Friday, June 26, 2009

China cracks down on human rights lawyers

What's most brilliant here (in an evil way) is that no one is stripped of a license -- rather the license just isn't renewed and so there is no "right" taken away... .


Human Rights Lawyers 'Disbarred' by Paperwork
Chinese Officials Decline to Renew Annual Licenses

BEIJING -- In the five years since it was founded, the Yitong Law Firm has established itself as one of the country's fiercest human rights advocates. It represented Hu Jia, the dissident who spoke out against the Tiananmen Square crackdown and on behalf of HIV/AIDS patients; Chen Guangcheng, the blind activist who exposed forced abortions; and hundreds of others its lawyers felt had been wrongly imprisoned.
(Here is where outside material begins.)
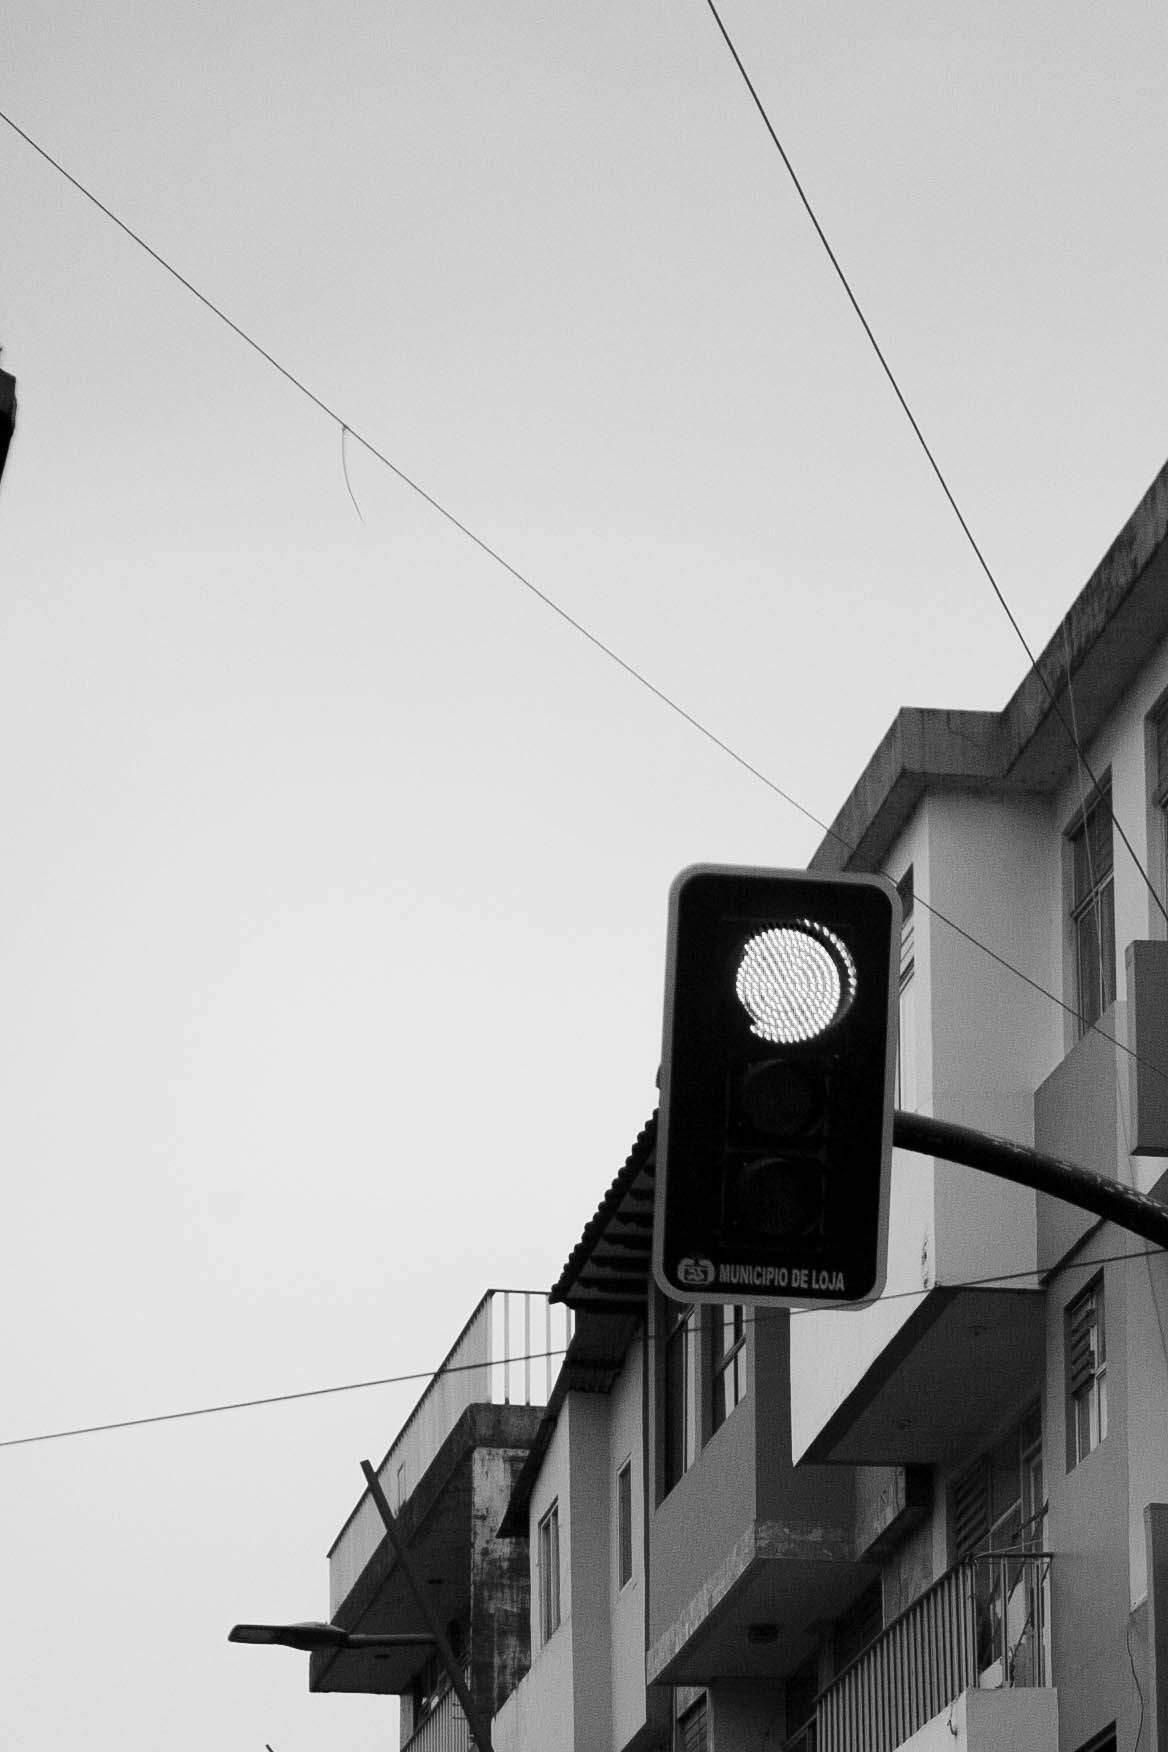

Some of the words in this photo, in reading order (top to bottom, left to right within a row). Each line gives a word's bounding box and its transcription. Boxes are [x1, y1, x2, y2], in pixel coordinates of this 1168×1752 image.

[719, 1263, 788, 1286] MUNICIPIO
[791, 1268, 808, 1288] DE
[811, 1269, 846, 1291] LOJA
Its success rate isn't stellar -- it has won at most 60 percent of its cases. But in a country where rule of law is still a work in progress and calling for democracy is often treated as a crime against the state, Yitong and other human rights firms have spoken out for people who otherwise would have been silenced.


Those days may be over.


Since the beginning of 2009 -- a sensitive year filled with anniversaries of uprisings -- the Chinese government has been forcing human rights law firms such as Yitong to shut down.
Formally, there is no crackdown; no police are swooping in to seize files or send attorneys en masse to labor camps. Instead, Beijing is simply using its administrative procedures for licensing lawyers and law firms, declining to renew the annual registrations, which expired May 31, of those it deems troublemakers. Human rights groups say dozens of China's best defense attorneys have effectively been disbarred.